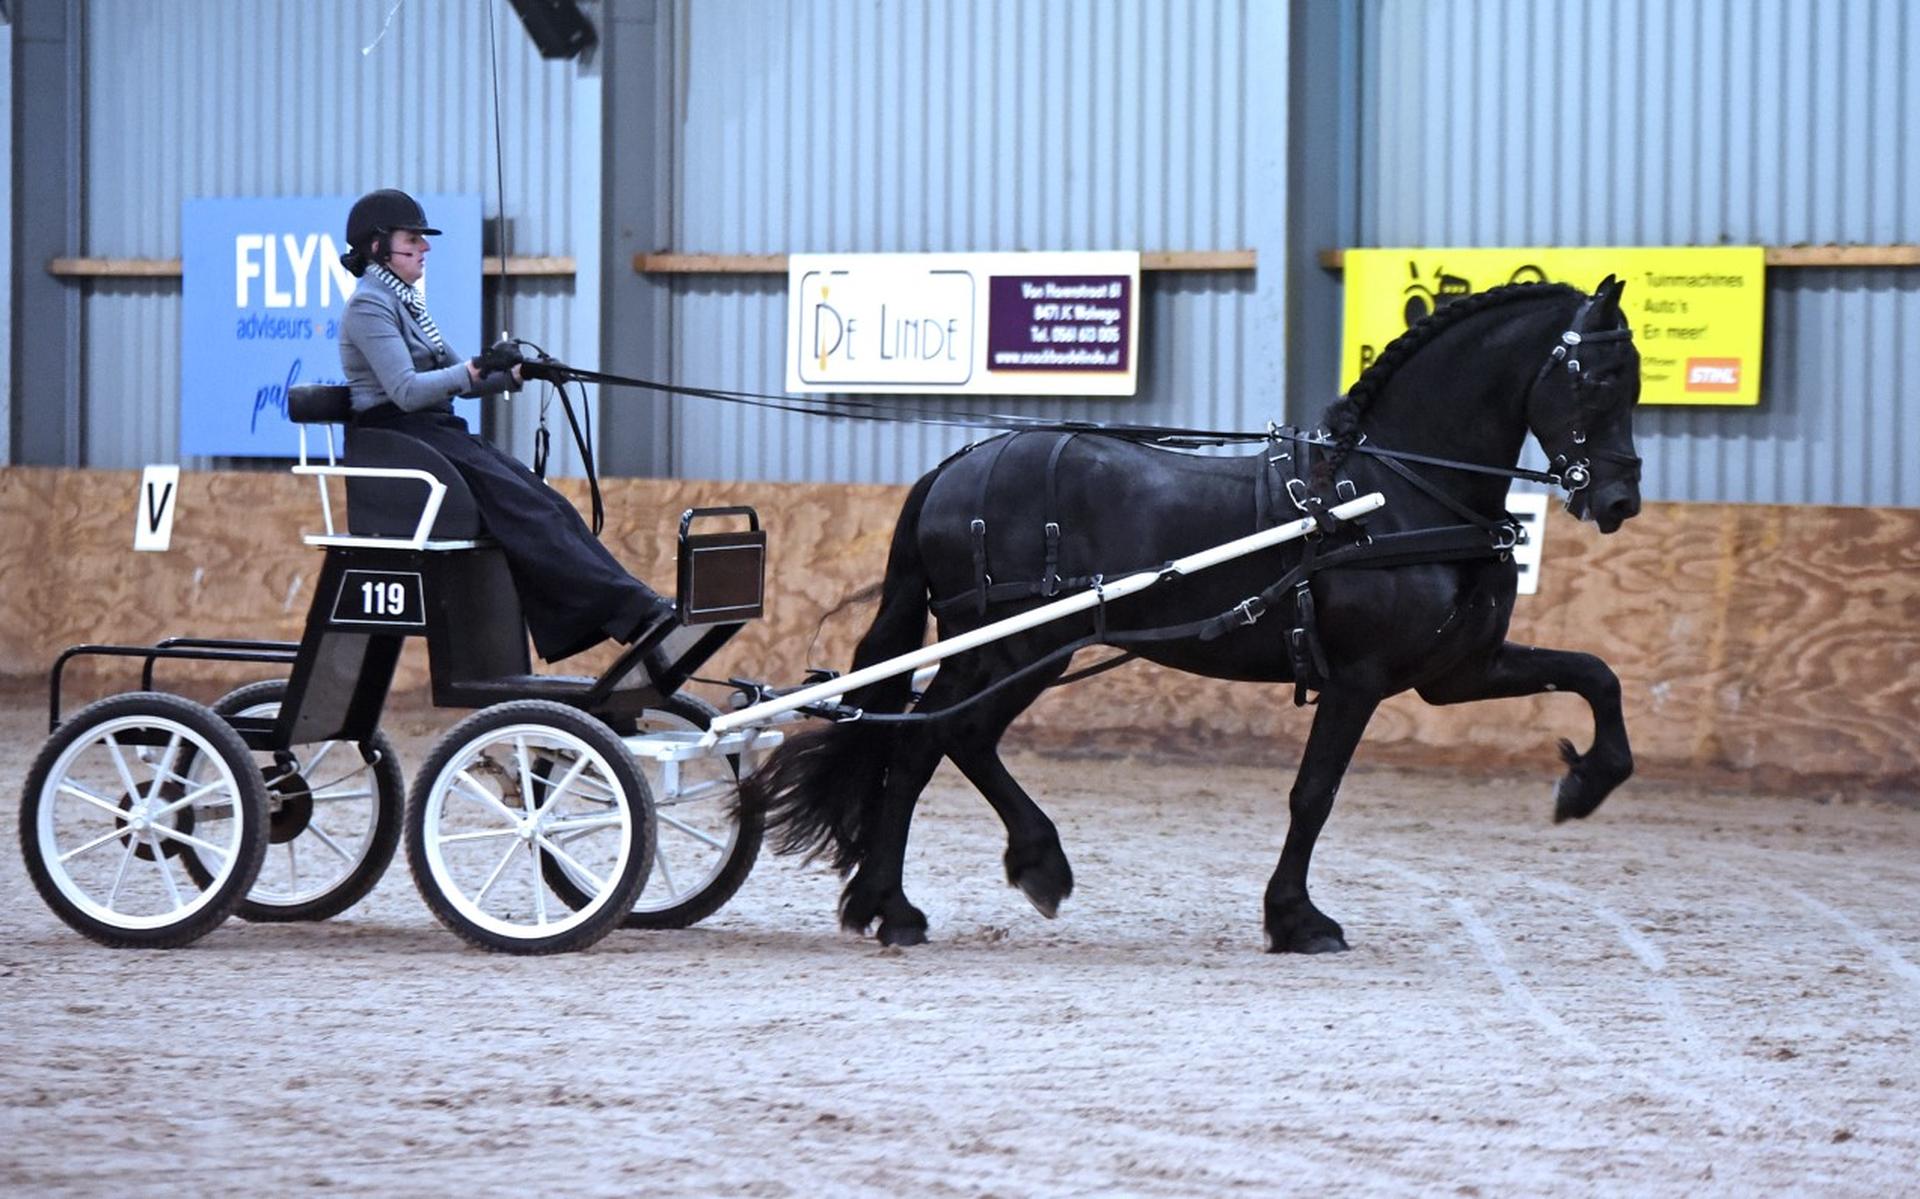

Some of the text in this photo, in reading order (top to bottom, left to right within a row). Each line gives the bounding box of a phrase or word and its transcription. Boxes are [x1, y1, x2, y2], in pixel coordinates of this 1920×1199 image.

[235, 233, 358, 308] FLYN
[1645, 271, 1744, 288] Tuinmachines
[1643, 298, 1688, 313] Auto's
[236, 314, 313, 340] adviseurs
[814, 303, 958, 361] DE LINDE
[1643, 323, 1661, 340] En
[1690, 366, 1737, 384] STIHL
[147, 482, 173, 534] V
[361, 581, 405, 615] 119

•••••

TASK TO CARRY OUT →
All of the data above should be quoted exactly, except for the pictures.

SOLUTION →
Some of the text in this photo, in reading order (top to bottom, left to right within a row). Each line gives the bounding box of a phrase or word and its transcription. Boxes are [x1, y1, x2, y2], in pixel coordinates of this 1920×1199 image.

[235, 233, 358, 308] FLYN
[1645, 271, 1744, 288] Tuinmachines
[1643, 298, 1688, 313] Auto's
[236, 314, 313, 340] adviseurs
[814, 303, 958, 361] DE LINDE
[1643, 323, 1661, 340] En
[1690, 366, 1737, 384] STIHL
[147, 482, 173, 534] V
[361, 581, 405, 615] 119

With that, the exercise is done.